WORK REQUEST:
Exclude all pictures, then copy each of the records exactly as written.

Stored items

▼▼▼

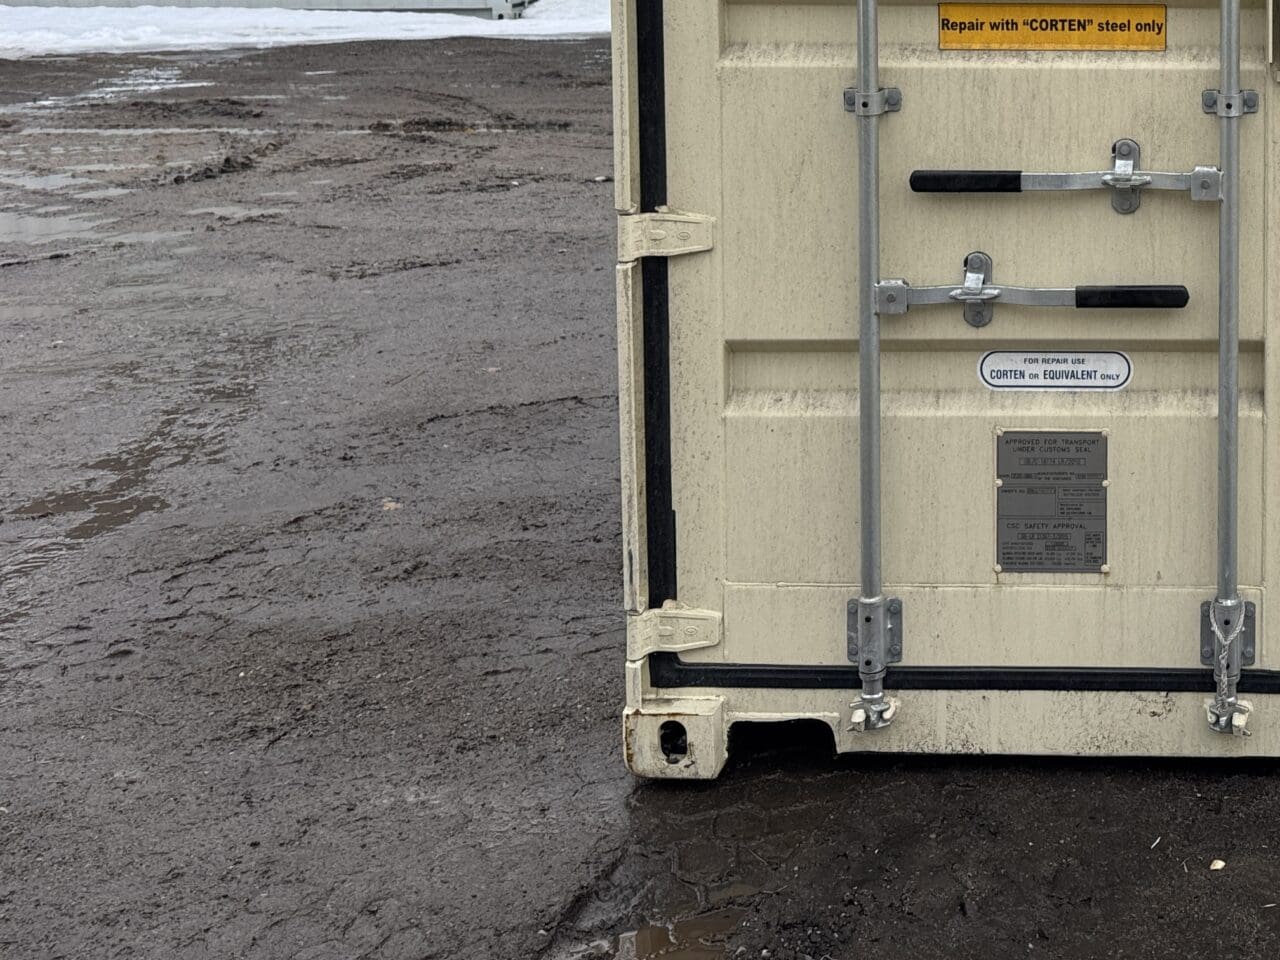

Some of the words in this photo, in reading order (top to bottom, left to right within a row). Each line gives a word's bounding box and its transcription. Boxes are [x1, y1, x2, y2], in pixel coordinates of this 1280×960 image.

[941, 18, 985, 34] Repair
[989, 18, 1019, 32] with
[1097, 19, 1131, 32] steel
[1135, 20, 1164, 36] only
[1023, 357, 1039, 365] FOR
[1041, 357, 1069, 365] REPAIR
[990, 369, 1026, 380] CORTEN
[1043, 369, 1098, 380] EQUIVALENT
[1100, 373, 1121, 381] ONLY
[1006, 522, 1021, 530] CSC
[1024, 522, 1049, 530] SAFETY
[1052, 522, 1087, 530] APPROVAL

▲▲▲

OUTPUT FOR THIS EXERCISE:
Some of the words in this photo, in reading order (top to bottom, left to right within a row). Each line gives a word's bounding box and its transcription. Boxes are [x1, y1, x2, y2], in pixel coordinates of this 1280×960 image.

[941, 18, 985, 34] Repair
[989, 18, 1019, 32] with
[1097, 19, 1131, 32] steel
[1135, 20, 1164, 36] only
[1023, 357, 1039, 365] FOR
[1041, 357, 1069, 365] REPAIR
[990, 369, 1026, 380] CORTEN
[1043, 369, 1098, 380] EQUIVALENT
[1100, 373, 1121, 381] ONLY
[1006, 522, 1021, 530] CSC
[1024, 522, 1049, 530] SAFETY
[1052, 522, 1087, 530] APPROVAL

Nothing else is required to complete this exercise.